(Saved entries)

:::::

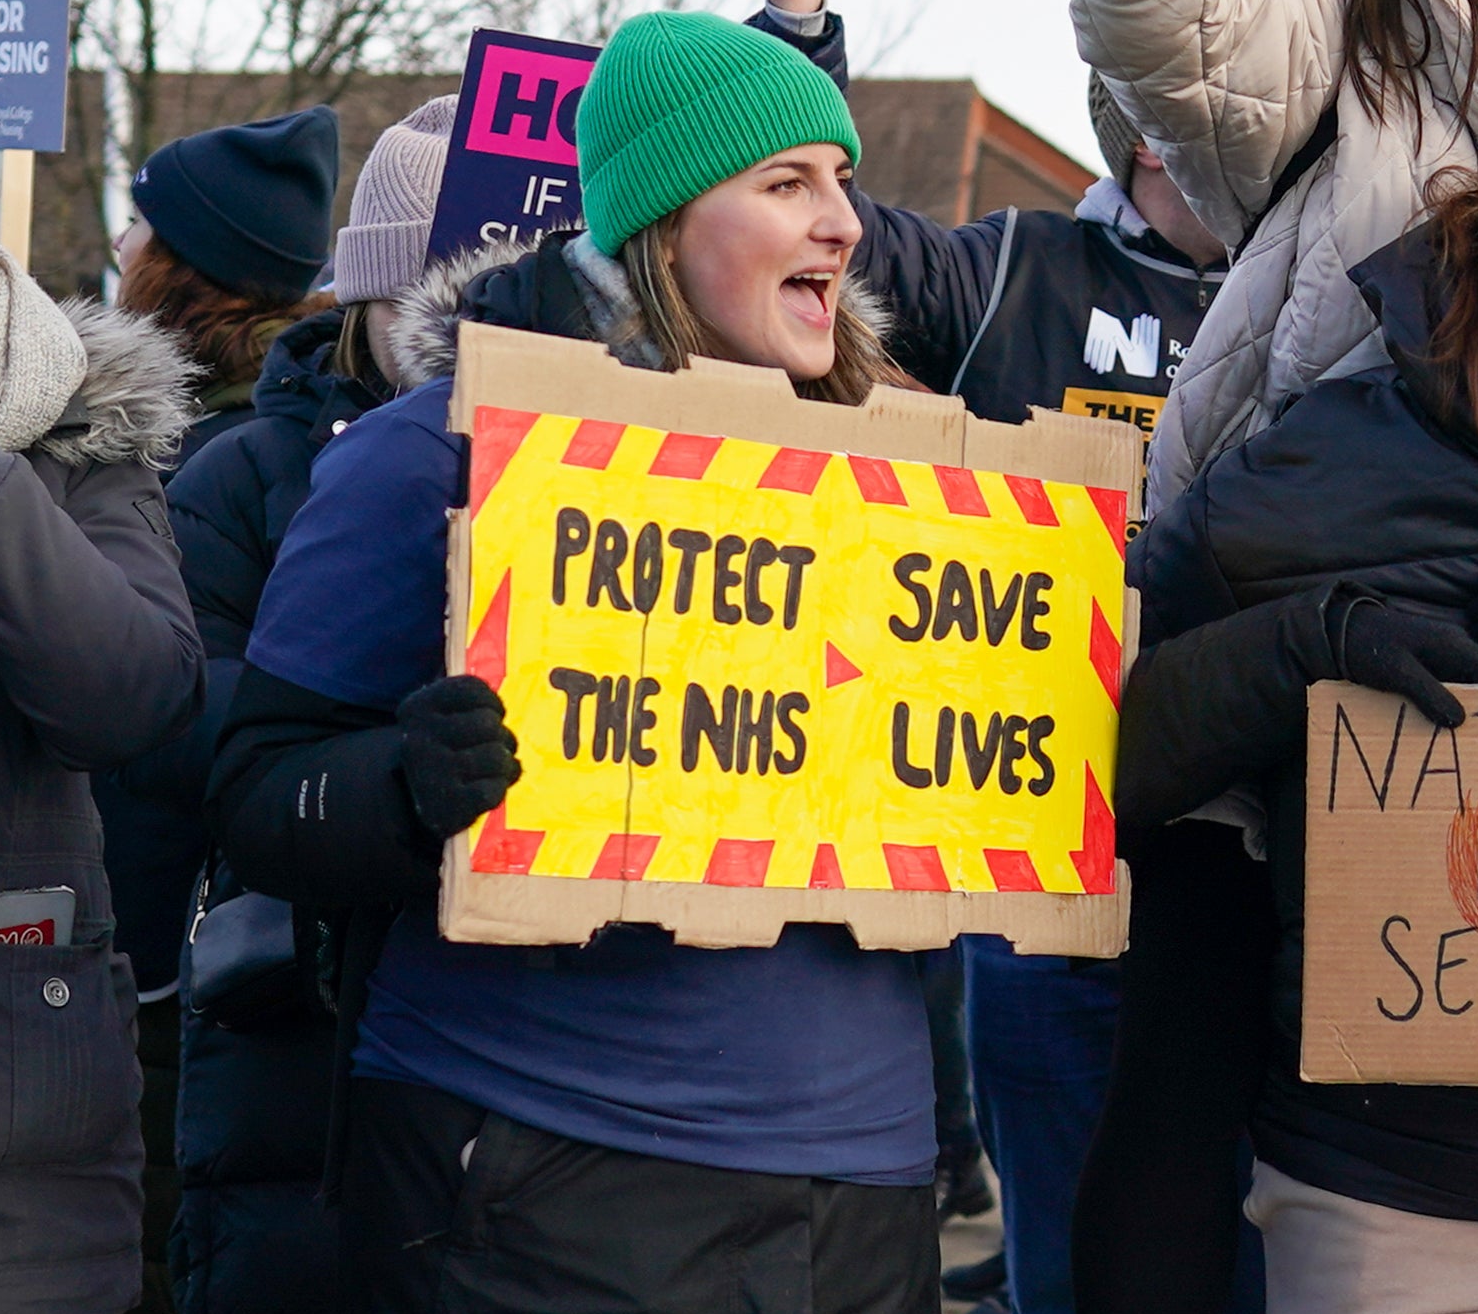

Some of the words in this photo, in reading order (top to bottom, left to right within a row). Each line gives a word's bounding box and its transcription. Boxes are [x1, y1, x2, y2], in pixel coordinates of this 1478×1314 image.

[523, 175, 567, 216] IF
[1085, 402, 1156, 432] THE
[553, 507, 815, 631] PROTECT
[889, 553, 1054, 651] SAVE
[549, 667, 662, 767] THE
[681, 683, 811, 776] NHS
[891, 702, 1055, 797] LIVES
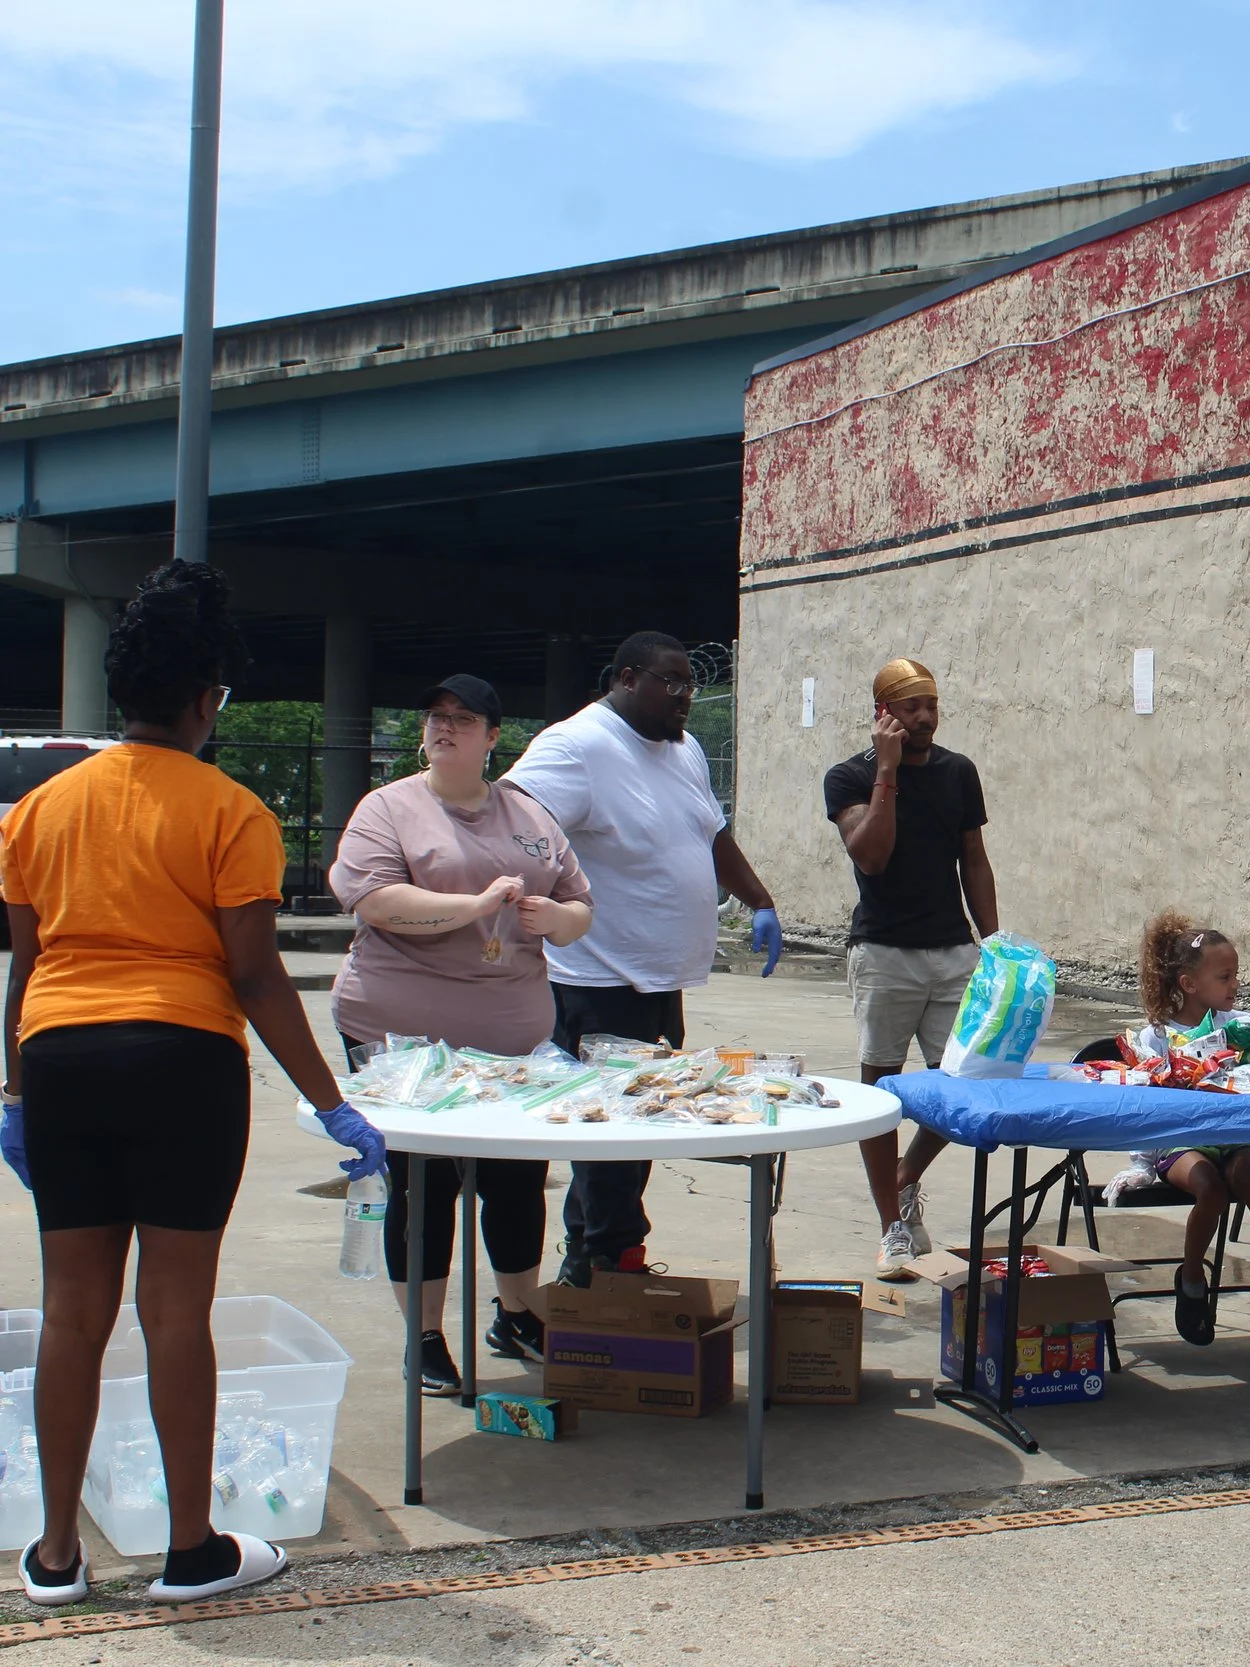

:::::

WHAT THE EXERCISE ASKS: Your copy must match the records above word for word and contain no pictures.

EXERCISE SOLUTION:
Some of the words in this photo, in reading order (top to bottom, left to right within a row). Each line gives a word's bounding box and its transcription. Boxes are [x1, y1, x2, y2], in pixel coordinates of this 1478×1314 image.

[523, 175, 567, 216] IF
[1085, 402, 1156, 432] THE
[553, 507, 815, 631] PROTECT
[889, 553, 1054, 651] SAVE
[549, 667, 662, 767] THE
[681, 683, 811, 776] NHS
[891, 702, 1055, 797] LIVES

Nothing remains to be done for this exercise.